Source material:
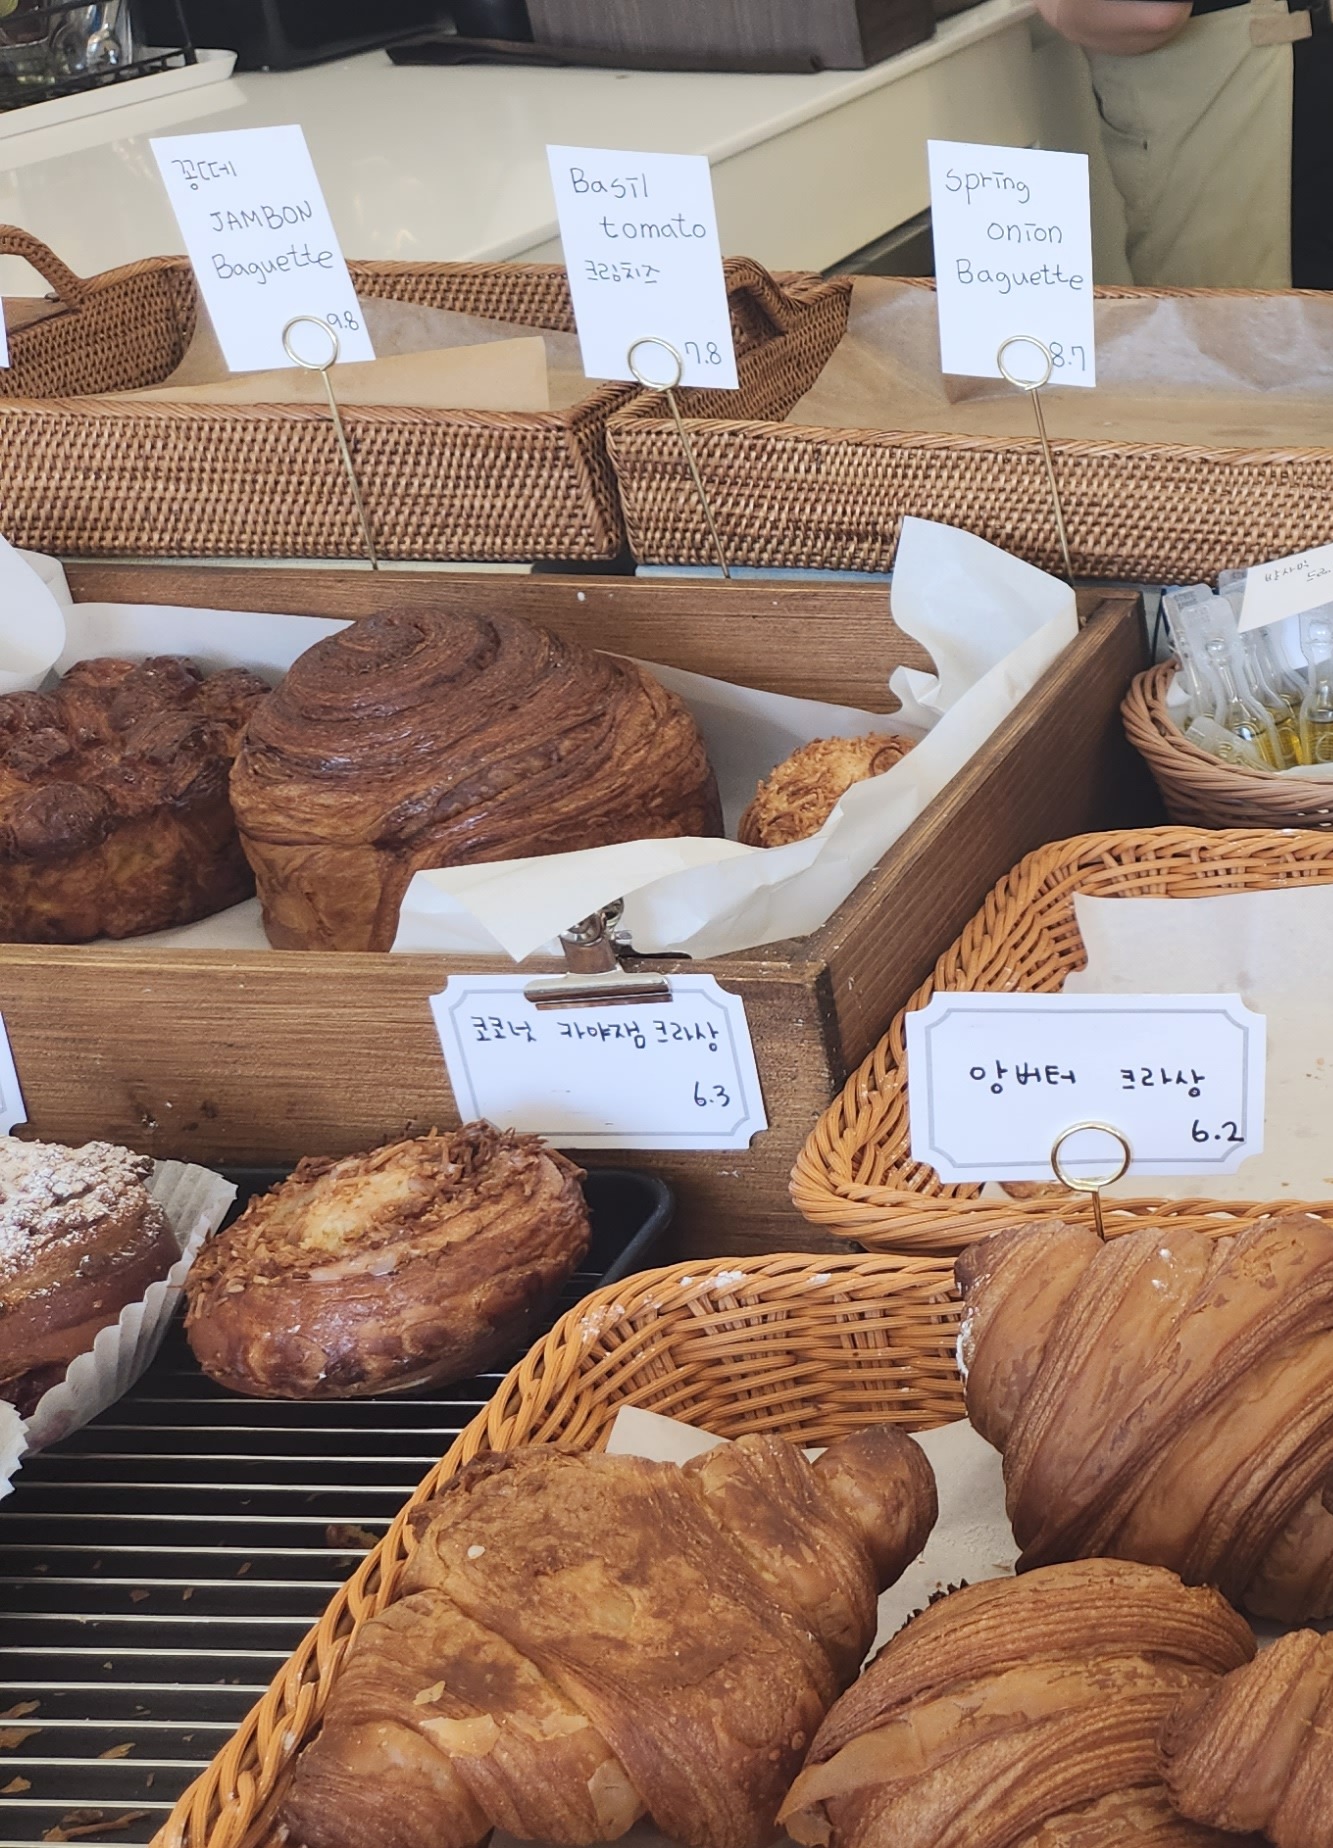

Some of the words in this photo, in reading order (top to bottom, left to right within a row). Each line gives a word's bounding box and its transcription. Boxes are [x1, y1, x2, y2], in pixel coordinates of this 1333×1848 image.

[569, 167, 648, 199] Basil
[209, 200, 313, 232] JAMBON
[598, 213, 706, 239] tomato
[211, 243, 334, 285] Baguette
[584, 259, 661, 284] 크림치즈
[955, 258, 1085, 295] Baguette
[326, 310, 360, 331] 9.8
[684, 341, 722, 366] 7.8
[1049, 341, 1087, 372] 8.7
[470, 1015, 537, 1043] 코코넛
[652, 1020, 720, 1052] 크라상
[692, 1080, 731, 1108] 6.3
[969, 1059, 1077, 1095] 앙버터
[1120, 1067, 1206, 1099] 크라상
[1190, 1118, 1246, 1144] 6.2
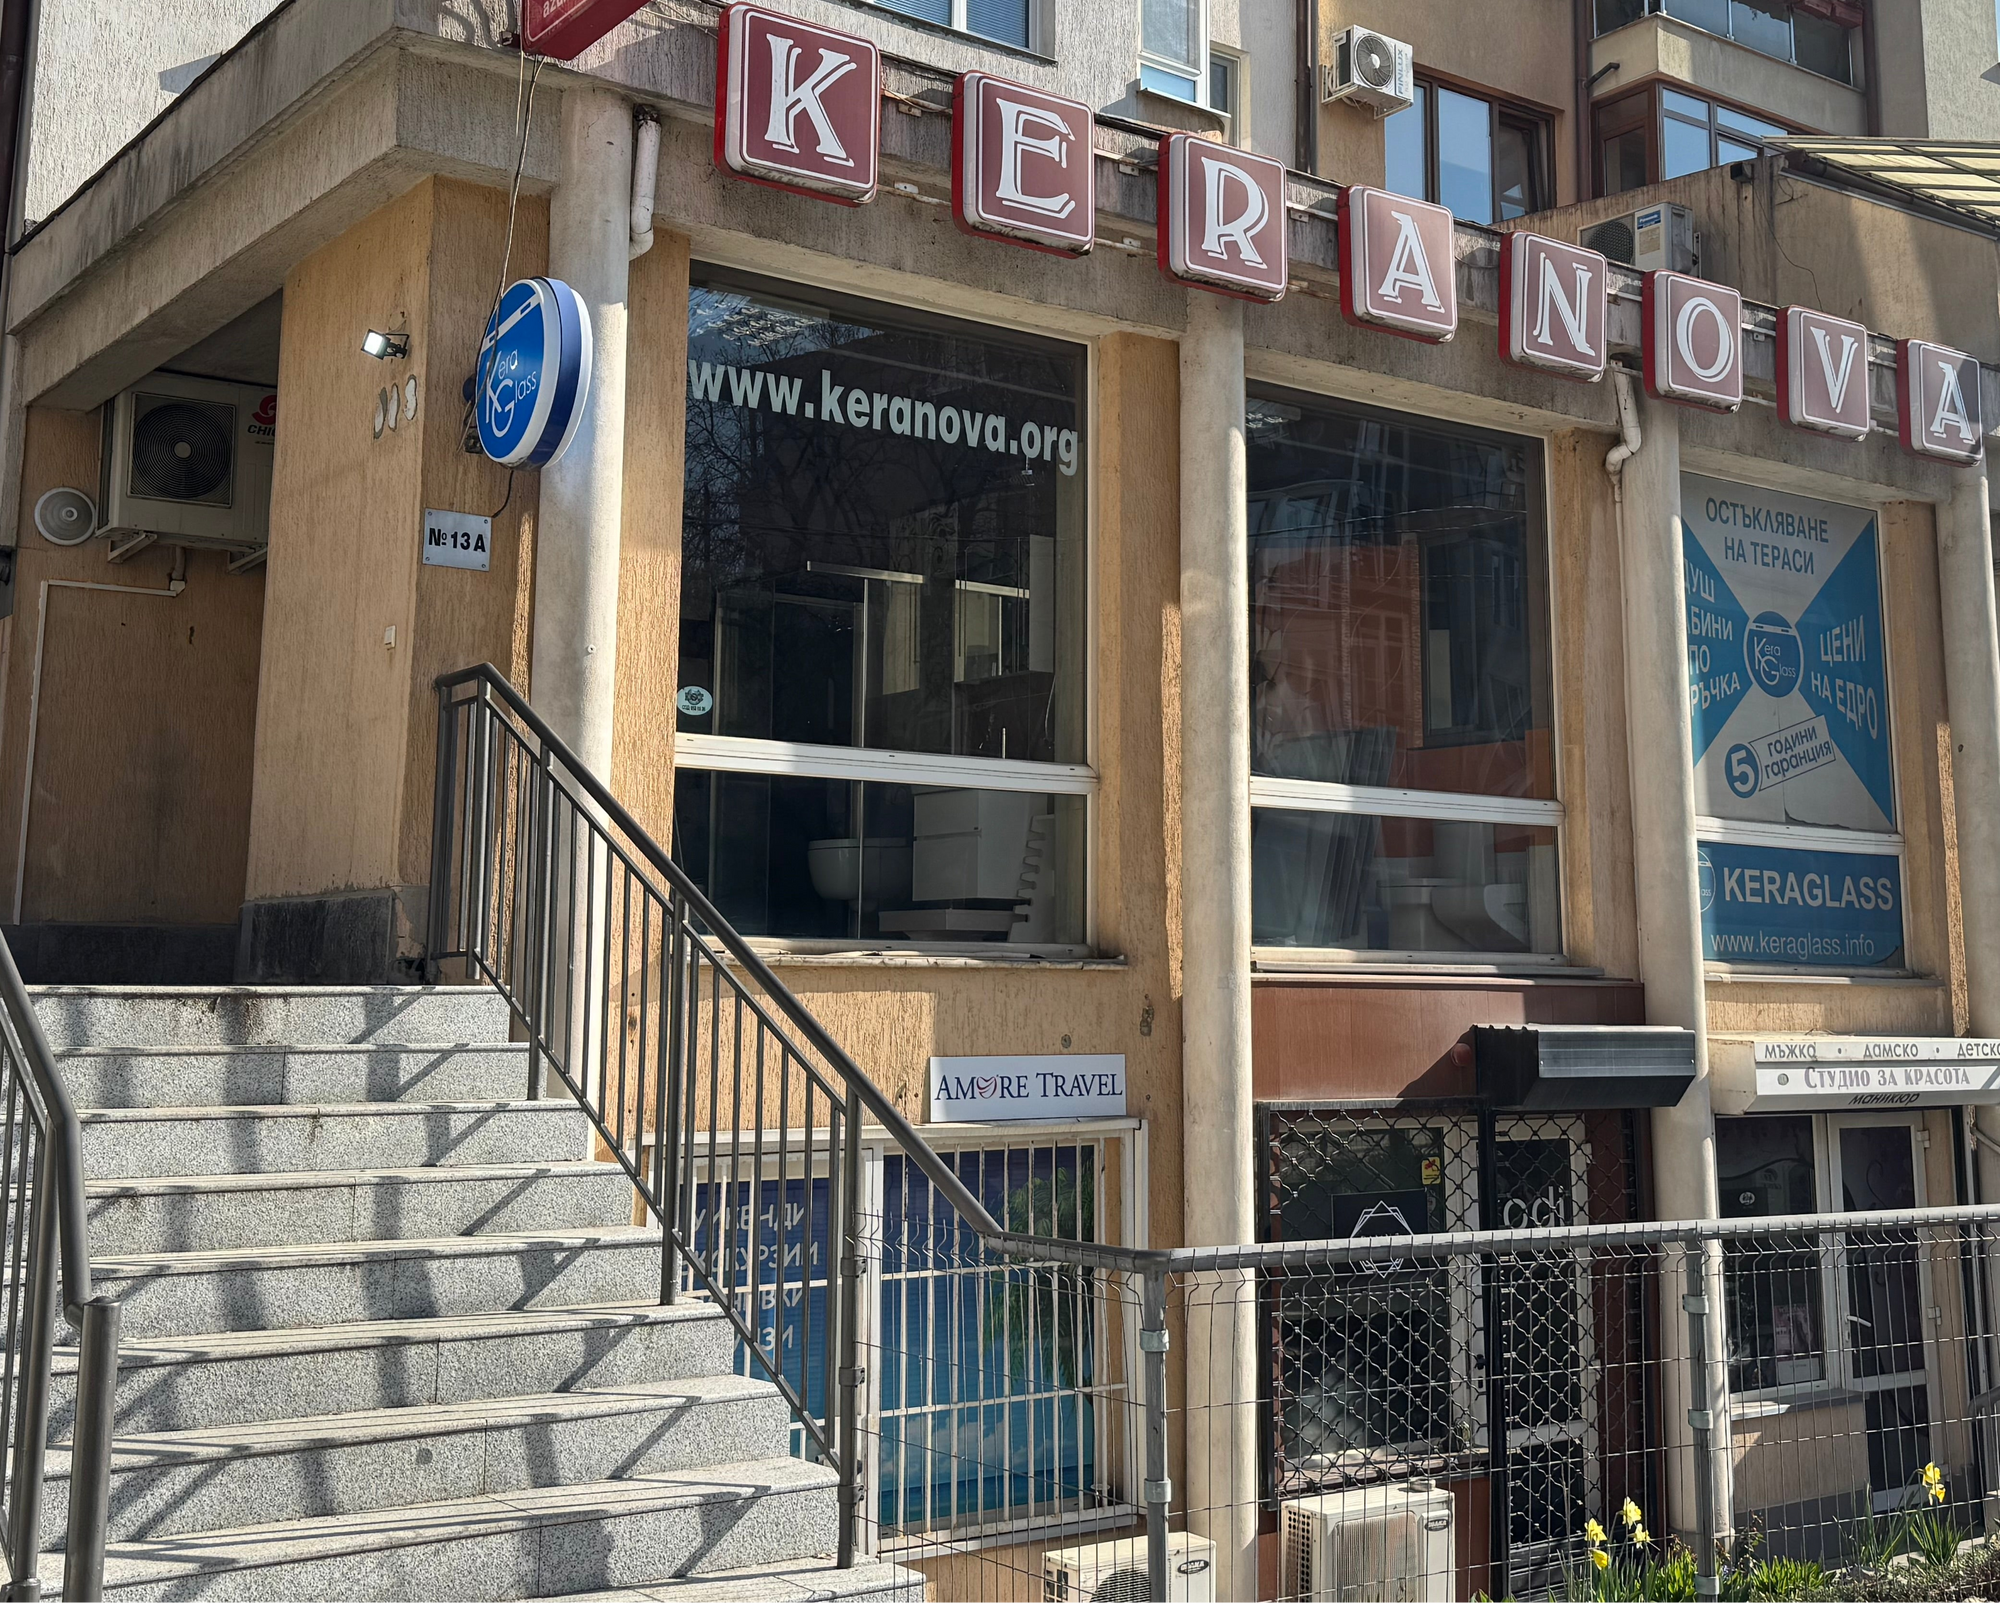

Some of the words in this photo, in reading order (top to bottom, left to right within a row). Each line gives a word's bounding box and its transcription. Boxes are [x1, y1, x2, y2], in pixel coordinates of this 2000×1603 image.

Exercise goal: Word for word, return all the entries and skip their pictures.

Result for this exercise:
Some of the words in this photo, in reading order (top to bottom, left to right within a row). Each line gives a word's bounding box and its transcription. Boxes are [x1, y1, x2, y2], in pixel coordinates of this 1333×1848 image.

[569, 167, 648, 199] Basil
[209, 200, 313, 232] JAMBON
[598, 213, 706, 239] tomato
[211, 243, 334, 285] Baguette
[584, 259, 661, 284] 크림치즈
[955, 258, 1085, 295] Baguette
[326, 310, 360, 331] 9.8
[684, 341, 722, 366] 7.8
[1049, 341, 1087, 372] 8.7
[470, 1015, 537, 1043] 코코넛
[652, 1020, 720, 1052] 크라상
[692, 1080, 731, 1108] 6.3
[969, 1059, 1077, 1095] 앙버터
[1120, 1067, 1206, 1099] 크라상
[1190, 1118, 1246, 1144] 6.2

Some of the words in this photo, in reading order (top to bottom, left to right within a row). Each line gives a word's bounding box and its transcription. Boxes are [x1, y1, x2, y2], in pixel coordinates of this 2000×1603 image.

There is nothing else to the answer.